Pernyataan penting lainnya datang minggu ini dari Sekretaris Jenderal PBB Antonio Guterres, yang telah menjadi pendukung utama keputusan kebijakan di barat yang telah menyebabkan krisis energi saat ini. Detik. Komentar Guterres, yang disampaikan ke majelis umum PBB pada hari Selasa, sangat kontras dengan komentar Dimon, dan paling menonjol karena keputusan Sekretaris untuk tidak hanya menggandakan sekali lagi pada narasi yang berfokus pada LST dan retorika alarm iklim yang keras, tetapi juga untuk juga menganjurkan menghukum siapa pun yang menyimpang dari narasi itu.

Mengakui bahwa pemerintah dunia "terjebak dalam disfungsi global yang kolosal," Guterres menuduh perusahaan bahan bakar fosil "menikmati ratusan miliar dolar dalam subsidi dan keuntungan rejeki nomplok sementara anggaran rumah tangga menyusut dan planet kita terbakar."

Sek.

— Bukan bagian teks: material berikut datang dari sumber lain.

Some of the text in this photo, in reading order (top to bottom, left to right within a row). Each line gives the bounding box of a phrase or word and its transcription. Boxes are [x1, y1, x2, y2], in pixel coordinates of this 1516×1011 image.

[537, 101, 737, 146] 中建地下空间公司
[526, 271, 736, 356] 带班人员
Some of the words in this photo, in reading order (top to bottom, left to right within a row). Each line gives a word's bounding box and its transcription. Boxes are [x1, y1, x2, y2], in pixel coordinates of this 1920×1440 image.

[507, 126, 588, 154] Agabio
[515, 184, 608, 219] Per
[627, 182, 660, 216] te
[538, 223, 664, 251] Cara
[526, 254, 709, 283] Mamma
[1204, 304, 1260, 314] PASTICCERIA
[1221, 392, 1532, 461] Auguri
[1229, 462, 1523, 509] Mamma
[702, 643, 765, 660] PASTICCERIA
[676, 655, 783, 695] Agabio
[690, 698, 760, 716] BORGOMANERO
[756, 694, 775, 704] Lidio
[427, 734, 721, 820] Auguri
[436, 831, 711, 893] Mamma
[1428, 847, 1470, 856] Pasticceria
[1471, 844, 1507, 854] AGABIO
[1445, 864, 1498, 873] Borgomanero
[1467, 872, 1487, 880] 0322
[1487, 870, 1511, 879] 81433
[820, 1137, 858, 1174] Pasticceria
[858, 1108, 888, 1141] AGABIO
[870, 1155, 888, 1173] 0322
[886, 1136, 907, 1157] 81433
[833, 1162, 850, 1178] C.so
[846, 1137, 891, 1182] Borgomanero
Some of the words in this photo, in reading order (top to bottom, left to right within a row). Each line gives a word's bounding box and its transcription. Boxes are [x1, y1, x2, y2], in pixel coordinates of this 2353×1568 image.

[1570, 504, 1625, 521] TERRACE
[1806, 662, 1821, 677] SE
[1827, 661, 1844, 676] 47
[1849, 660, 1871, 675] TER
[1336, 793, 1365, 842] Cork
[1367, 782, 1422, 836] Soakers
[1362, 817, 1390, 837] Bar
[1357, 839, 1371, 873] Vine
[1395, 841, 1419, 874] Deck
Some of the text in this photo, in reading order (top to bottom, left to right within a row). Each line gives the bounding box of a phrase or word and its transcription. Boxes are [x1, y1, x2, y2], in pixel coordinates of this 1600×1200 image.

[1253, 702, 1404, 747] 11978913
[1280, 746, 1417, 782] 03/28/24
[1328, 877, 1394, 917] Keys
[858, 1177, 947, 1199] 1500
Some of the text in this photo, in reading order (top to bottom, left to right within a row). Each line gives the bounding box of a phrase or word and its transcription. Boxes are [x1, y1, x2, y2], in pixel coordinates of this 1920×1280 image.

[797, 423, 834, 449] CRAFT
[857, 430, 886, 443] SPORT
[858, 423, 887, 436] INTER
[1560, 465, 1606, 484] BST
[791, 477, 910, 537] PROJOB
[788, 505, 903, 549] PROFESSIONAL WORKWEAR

Jenderal menganjurkan bahwa industri-industri ini dan "pendukung" mereka harus dihukum dengan pajak dan peraturan yang lebih berat, menambahkan "Itu termasuk bank, ekuitas swasta, manajer aset, dan lembaga keuangan lainnya yang terus berinvestasi dan menanggung polusi karbon."

Dengan demikian, sebagai realitas konsekuensi dari upaya yang dilakukan oleh sebagian besar pemerintah barat yang mencoba mensubsidi transisi prematur menjadi mulai terbentuk, kita melihat salah satu pendukung global terkemuka untuk upaya tersebut menunjuk jari pada kelompok boogeymen lama yang sama.

CEO Aramco Kecam Kegagalan Pemerintah untuk Merencanakan

Pada hari yang sama di mana Sec. Guterres menyampaikan pernyataannya yang tidak berperikemanusiaan, CEO perusahaan minyak terbesar dunia itu secara efektif mendekonstruksinya, poin demi poin. Berbicara di Forum Digital Schlumberger di Lucerne, Swiss Selasa, CEO Aramco Amin Nasser membawa para pembuat kebijakan global ke tugas atas apa yang disebutnya kegagalan untuk merencanakan transisi energi ini dengan benar.

“Mungkin yang paling merusak dari semuanya adalah gagasan bahwa perencanaan kontinjensi dapat diabaikan dengan aman,” kata Nasser sebagian. “Karena ketika Anda mempermalukan investor minyak dan gas, membongkar pembangkit listrik berbahan bakar minyak dan batu bara, gagal melakukan diversifikasi pasokan energi (terutama gas), menentang terminal penerima LNG, dan menolak tenaga nuklir, rencana transisi Anda sebaiknya tepat.

“Sebaliknya, seperti yang ditunjukkan oleh krisis ini, rencananya hanyalah rantai istana pasir yang telah dihanyutkan oleh gelombang kenyataan. Dan miliaran orang di seluruh dunia sekarang menghadapi akses energi dan konsekuensi biaya hidup yang kemungkinan besar akan parah dan berkepanjangan.”

Realitas tentang krisis energi sedang terjadi, bersama dengan konsekuensi yang dapat dilihat oleh semakin banyak pengamat datang ke dunia seperti kereta barang yang melaju kencang. Pertanyaannya sekarang adalah apakah masih ada waktu untuk membersihkan rel sebelum lokomotif tiba.